### Task goal
Every line of the data below is to be given again as it appears, with the images removed.

=== Begin Enclosure ===

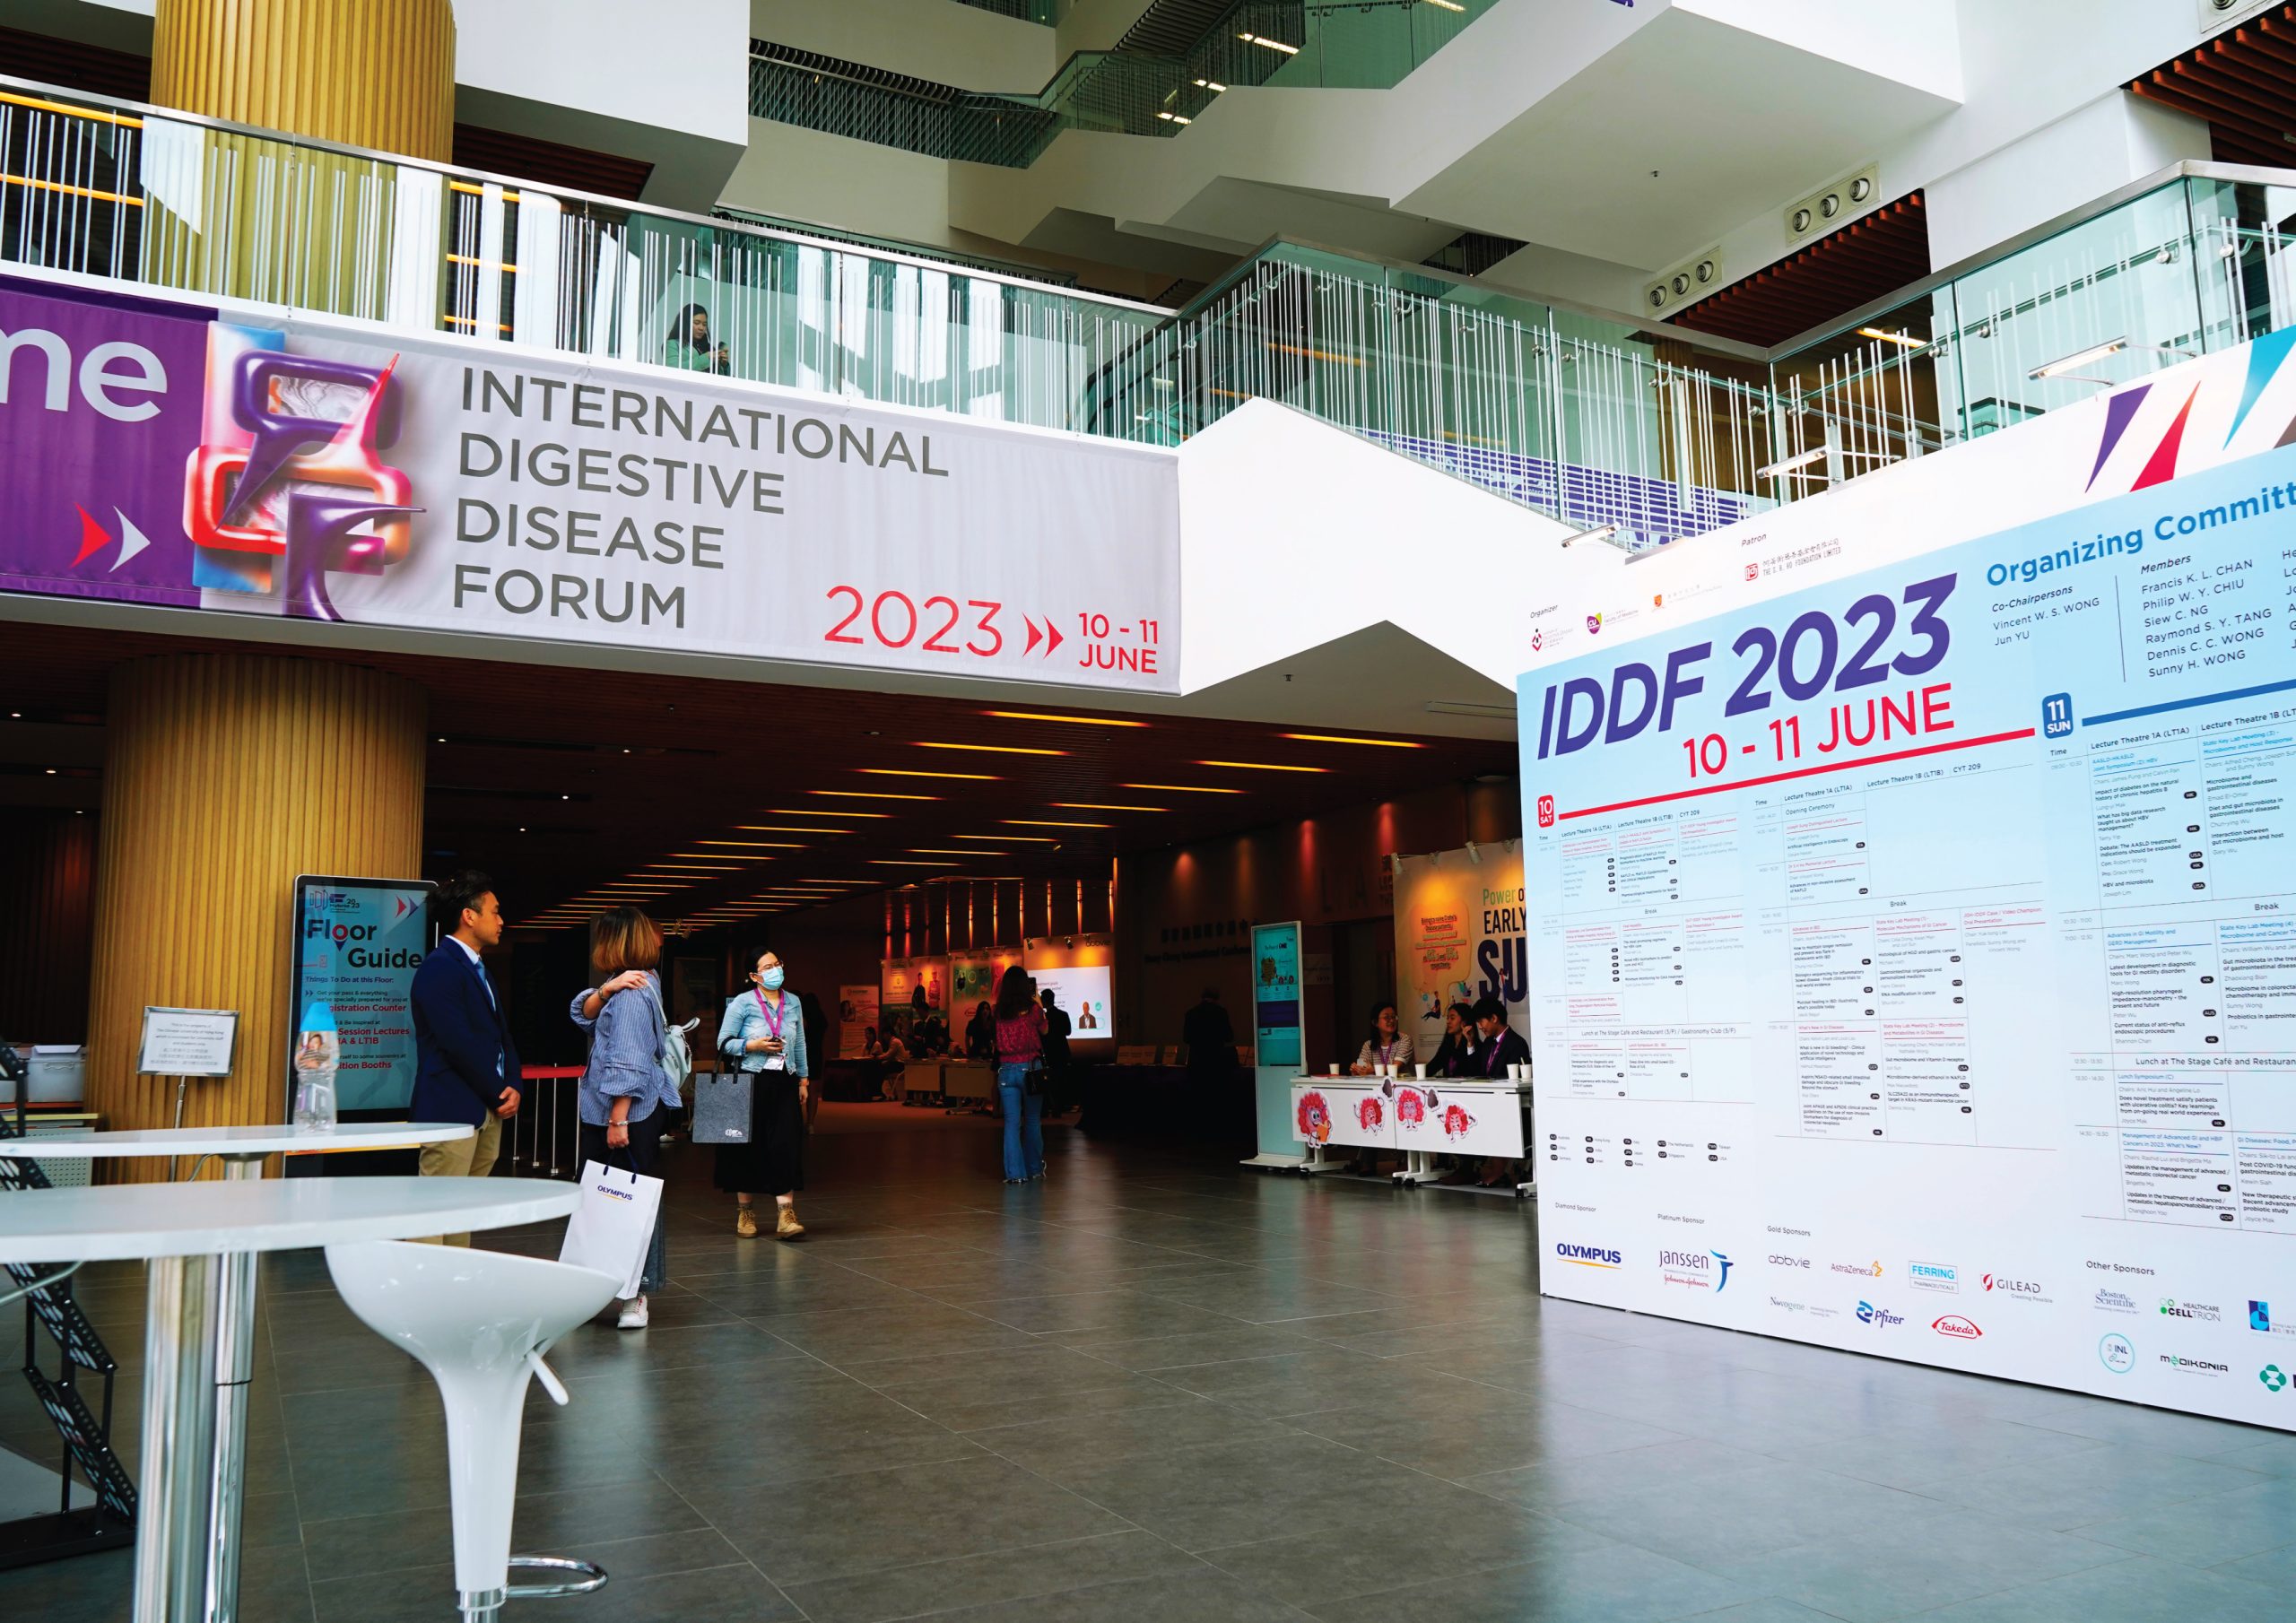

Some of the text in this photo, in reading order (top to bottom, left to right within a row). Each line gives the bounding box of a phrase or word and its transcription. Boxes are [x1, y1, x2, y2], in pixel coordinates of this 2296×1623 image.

[462, 366, 949, 477] INTERNATIONAL
[459, 432, 785, 515] DIGESTIVE
[456, 498, 725, 569] DISEASE
[1742, 534, 1766, 547] Patron
[1987, 482, 2296, 586] Organizing Committ
[1796, 552, 1821, 567] FOUNDATION
[2141, 555, 2191, 574] Members
[2142, 560, 2253, 595] Francis K. L. CHAN
[454, 566, 686, 629] FORUM
[1992, 586, 2073, 612] Co-Chairpersons
[2144, 579, 2244, 611] Philip W. Y. CHIU
[1530, 604, 1558, 619] Organizer
[1993, 598, 2100, 629] Vincent W. S. WONG
[2144, 605, 2209, 628] Siew C. NG
[824, 585, 1003, 657] 2023
[1079, 612, 1158, 645] 10 11
[2146, 608, 2272, 644] Raymond S. Y. TANG
[1995, 630, 2030, 646] Jun YU
[2147, 628, 2265, 661] Dennis C. C. WONG
[1079, 643, 1158, 674] JUNE
[1537, 572, 1957, 759] IDDF 2023
[2149, 650, 2246, 677] Sunny H. WONG
[2048, 699, 2066, 721] 11
[1683, 682, 1955, 778] 10 11 JUNE
[2047, 721, 2071, 733] SUN
[2201, 720, 2232, 731] Lecture
[2235, 715, 2267, 725] Theatre
[2092, 739, 2118, 750] Lecture
[2121, 734, 2150, 744] Theatre
[2163, 727, 2189, 737] (LT1A)
[2050, 749, 2066, 757] Time
[1953, 763, 1981, 774] CYT 209
[1867, 778, 1890, 788] Lecture
[1891, 775, 1914, 784] Theatre
[1924, 769, 1944, 779] (LT1B)
[2206, 777, 2239, 785] Microbiome
[2207, 781, 2251, 792] gastrointestinal
[1784, 792, 1804, 802] Lecture
[1805, 789, 1825, 798] Theatre
[1834, 784, 1853, 794] (LT1A)
[1539, 800, 1552, 814] 10
[1785, 803, 1835, 816] Opening Ceremony
[1540, 814, 1552, 824] SAT
[2222, 836, 2257, 844] microbiome
[1483, 888, 1525, 906] Power o
[1890, 899, 1907, 907] Break
[1484, 907, 1526, 934] EARLY
[307, 919, 377, 941] Floor
[348, 947, 422, 968] Guide
[330, 1004, 370, 1012] gistration
[2170, 1057, 2186, 1065] The
[2187, 1058, 2211, 1067] Stage
[2213, 1056, 2231, 1065] Café
[2253, 1057, 2296, 1065] Restauran
[597, 1185, 633, 1201] OLYMPUS
[1555, 1202, 1596, 1212] Diamond Sponsor
[1657, 1213, 1705, 1226] Platinum Sponsor
[1767, 1225, 1811, 1237] Gold Sponsors
[1556, 1243, 1622, 1264] OLYMPUS
[1659, 1250, 1709, 1269] janssen
[1769, 1254, 1811, 1269] abbvie
[1831, 1263, 1874, 1277] AstraZeneca
[1912, 1265, 1955, 1280] FERRING
[2086, 1261, 2155, 1276] Other Sponsors
[1996, 1278, 2040, 1294] GILEAD
[2100, 1289, 2126, 1299] Boston
[1770, 1297, 1805, 1312] Novogene
[2095, 1293, 2136, 1308] Scientific
[2183, 1302, 2220, 1312] HEALTHCARE
[1874, 1309, 1904, 1328] Pfizer
[2168, 1307, 2221, 1322] CELLTRION
[1941, 1322, 1974, 1335] Takeda
[2114, 1344, 2127, 1354] INL
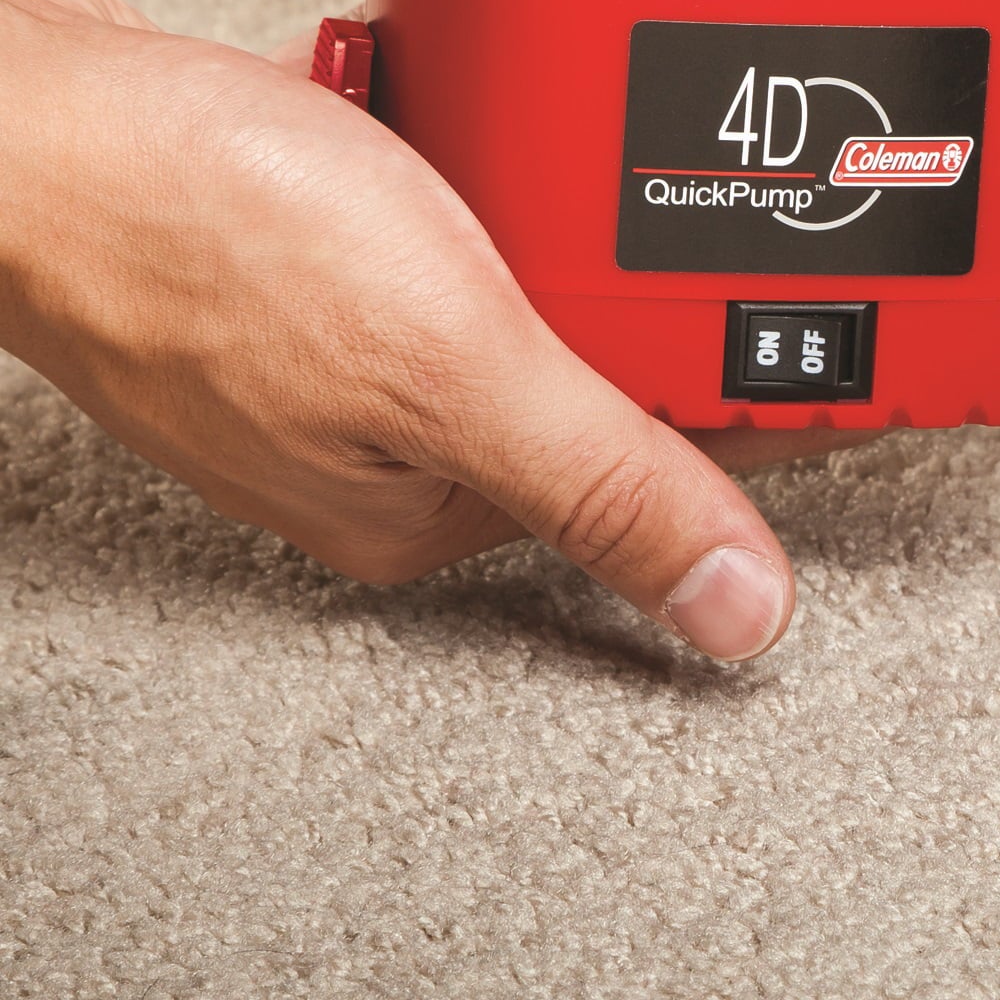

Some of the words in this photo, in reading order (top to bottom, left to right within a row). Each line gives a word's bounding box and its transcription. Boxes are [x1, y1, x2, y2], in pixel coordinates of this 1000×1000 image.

[718, 66, 808, 167] 4D
[845, 143, 941, 173] Coleman
[756, 331, 781, 367] ON
[801, 329, 827, 375] OFF
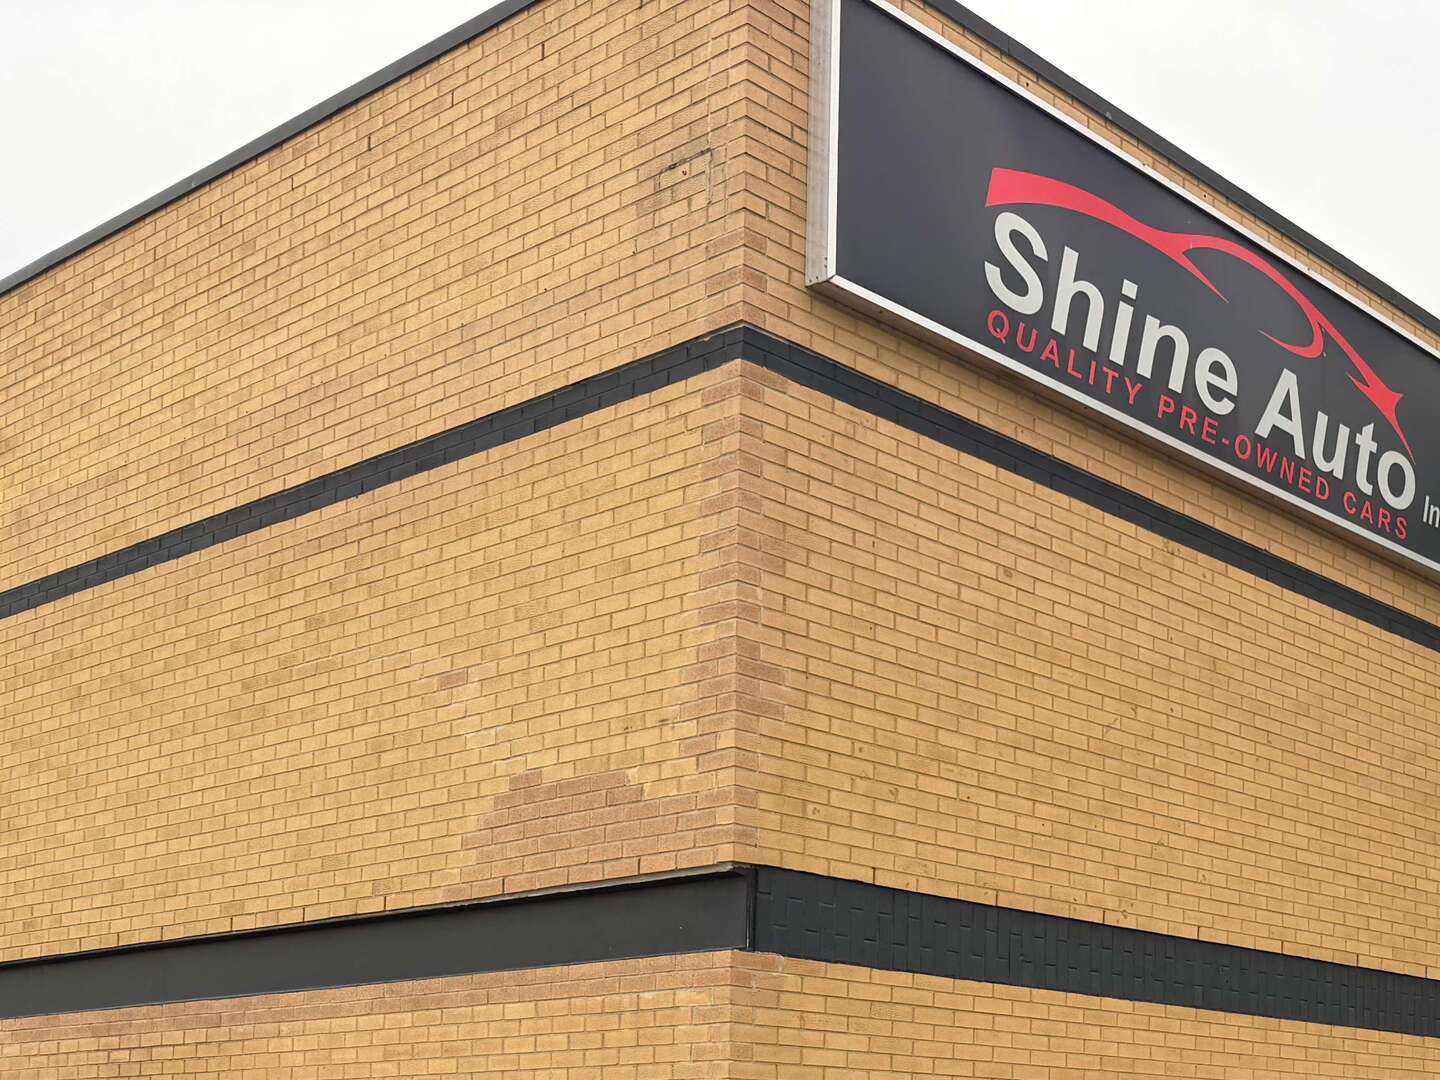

=== End Enclosure ===

### Response to the exercise
Some of the text in this photo, in reading order (top to bottom, left to right within a row). Each line gives the bounding box of a phrase or word and its transcription. Boxes are [x1, y1, x2, y2], in pixel coordinates of this 2296×1623 image.

[462, 366, 949, 477] INTERNATIONAL
[459, 432, 785, 515] DIGESTIVE
[456, 498, 725, 569] DISEASE
[1742, 534, 1766, 547] Patron
[1987, 482, 2296, 586] Organizing Committ
[1796, 552, 1821, 567] FOUNDATION
[2141, 555, 2191, 574] Members
[2142, 560, 2253, 595] Francis K. L. CHAN
[454, 566, 686, 629] FORUM
[1992, 586, 2073, 612] Co-Chairpersons
[2144, 579, 2244, 611] Philip W. Y. CHIU
[1530, 604, 1558, 619] Organizer
[1993, 598, 2100, 629] Vincent W. S. WONG
[2144, 605, 2209, 628] Siew C. NG
[824, 585, 1003, 657] 2023
[1079, 612, 1158, 645] 10 11
[2146, 608, 2272, 644] Raymond S. Y. TANG
[1995, 630, 2030, 646] Jun YU
[2147, 628, 2265, 661] Dennis C. C. WONG
[1079, 643, 1158, 674] JUNE
[1537, 572, 1957, 759] IDDF 2023
[2149, 650, 2246, 677] Sunny H. WONG
[2048, 699, 2066, 721] 11
[1683, 682, 1955, 778] 10 11 JUNE
[2047, 721, 2071, 733] SUN
[2201, 720, 2232, 731] Lecture
[2235, 715, 2267, 725] Theatre
[2092, 739, 2118, 750] Lecture
[2121, 734, 2150, 744] Theatre
[2163, 727, 2189, 737] (LT1A)
[2050, 749, 2066, 757] Time
[1953, 763, 1981, 774] CYT 209
[1867, 778, 1890, 788] Lecture
[1891, 775, 1914, 784] Theatre
[1924, 769, 1944, 779] (LT1B)
[2206, 777, 2239, 785] Microbiome
[2207, 781, 2251, 792] gastrointestinal
[1784, 792, 1804, 802] Lecture
[1805, 789, 1825, 798] Theatre
[1834, 784, 1853, 794] (LT1A)
[1539, 800, 1552, 814] 10
[1785, 803, 1835, 816] Opening Ceremony
[1540, 814, 1552, 824] SAT
[2222, 836, 2257, 844] microbiome
[1483, 888, 1525, 906] Power o
[1890, 899, 1907, 907] Break
[1484, 907, 1526, 934] EARLY
[307, 919, 377, 941] Floor
[348, 947, 422, 968] Guide
[330, 1004, 370, 1012] gistration
[2170, 1057, 2186, 1065] The
[2187, 1058, 2211, 1067] Stage
[2213, 1056, 2231, 1065] Café
[2253, 1057, 2296, 1065] Restauran
[597, 1185, 633, 1201] OLYMPUS
[1555, 1202, 1596, 1212] Diamond Sponsor
[1657, 1213, 1705, 1226] Platinum Sponsor
[1767, 1225, 1811, 1237] Gold Sponsors
[1556, 1243, 1622, 1264] OLYMPUS
[1659, 1250, 1709, 1269] janssen
[1769, 1254, 1811, 1269] abbvie
[1831, 1263, 1874, 1277] AstraZeneca
[1912, 1265, 1955, 1280] FERRING
[2086, 1261, 2155, 1276] Other Sponsors
[1996, 1278, 2040, 1294] GILEAD
[2100, 1289, 2126, 1299] Boston
[1770, 1297, 1805, 1312] Novogene
[2095, 1293, 2136, 1308] Scientific
[2183, 1302, 2220, 1312] HEALTHCARE
[1874, 1309, 1904, 1328] Pfizer
[2168, 1307, 2221, 1322] CELLTRION
[1941, 1322, 1974, 1335] Takeda
[2114, 1344, 2127, 1354] INL

Some of the words in this photo, in reading order (top to bottom, left to right within a row). Each line gives a word's bounding box and its transcription. Boxes are [x1, y1, x2, y2], in pixel coordinates of this 1000×1000 image.

[718, 66, 808, 167] 4D
[845, 143, 941, 173] Coleman
[756, 331, 781, 367] ON
[801, 329, 827, 375] OFF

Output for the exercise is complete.